L’extension de l’Ethan Allen au nord jusqu’à Burlington, bien sûr, a aspiré une partie du patronage du Vermont à Essex Junction, étant donné la proximité des deux villes l’une par rapport à l’autre. Mais les nouveaux chiffres d’achalandage montrent clairement que le patronage à Burlington dépasse de loin cette perte.

La connexion des deux points avec l’Ethan Allen ne dispense en rien la nécessité pour les Vermontois de s’arrêter à Essex Junction, car les deux trains suivent des itinéraires très différents sur leur trajet vers le sud et leur seule destination commune est Penn Station à New York.

L’élargissement de la jonction Burlington-Essex nécessiterait une amélioration de la ligne à basse vitesse reliant les deux villes, serpentant à travers Winooski et Colchester.

Actuellement, seuls les trains de marchandises circulent sur la ligne, ce qui peut être considéré comme un analogue ferroviaire à la connexion d’autoroute que la I-189 fournit entre les corridors US 7 et I-89 de l’autre côté de Burlington.

Une étude de 2017 commandée par VTrans a estimé le coût de la mise à niveau de la ligne à 19,5 millions de dollars, assez pour des améliorations majeures qui permettraient aux trains de voyageurs de rouler à 79 mph sur la ligne – une vitesse que Fowler a qualifiée de “ridicule” en raison des restrictions de vitesse aux nombreux passages à niveau et courbes sur la ligne.

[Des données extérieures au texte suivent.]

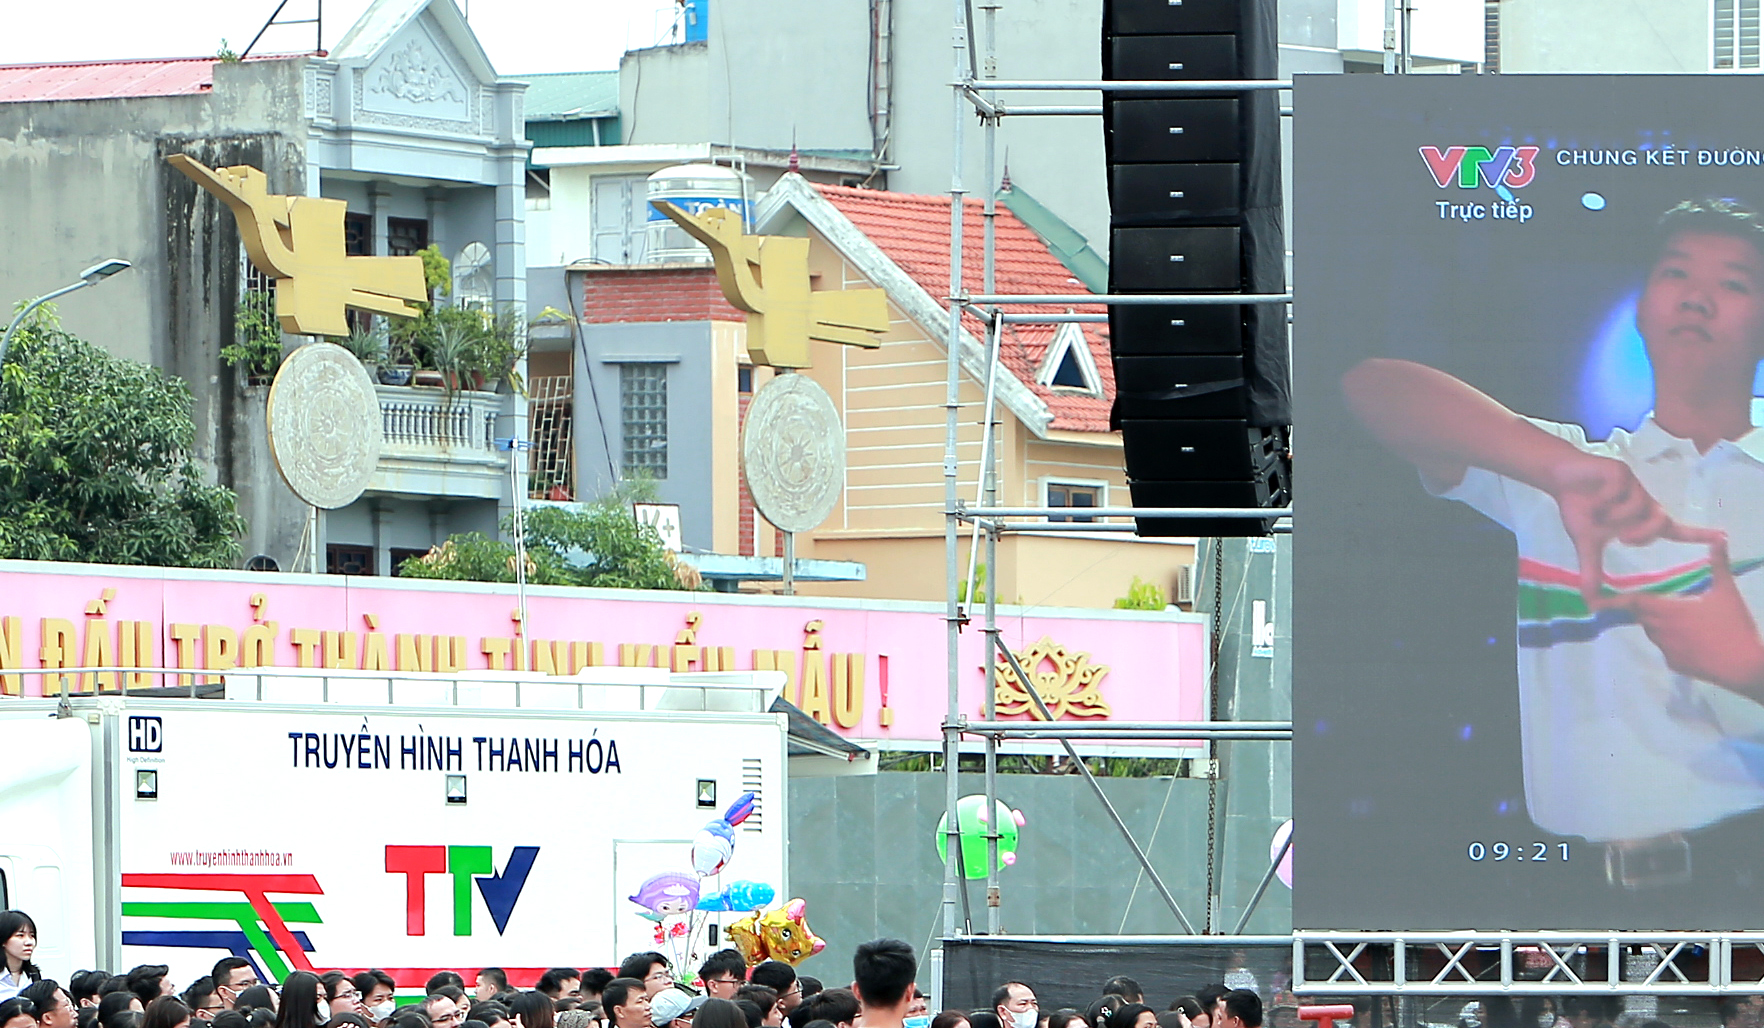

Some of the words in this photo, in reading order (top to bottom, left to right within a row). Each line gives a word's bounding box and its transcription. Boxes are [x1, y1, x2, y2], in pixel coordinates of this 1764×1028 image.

Il a estimé qu’une vitesse inférieure serait appropriée et nécessiterait moins d’investissement initial.

La réduction de l’écart entre Burlington et Essex ne semble pas imminente, mais Delabruere a déclaré que VTrans n’avait pas d’estimation à jour des coûts des mises à niveau requises.

Quoi qu’il en soit, l’inauguration du service de Burlington est de bon augure pour ce qui attend le service ferroviaire voyageurs du Vermont.

Vue aérienne d’Amtrak Ethan Allen à Middlebury.

CB Hall est un écrivain indépendant basé dans le sud du Vermont.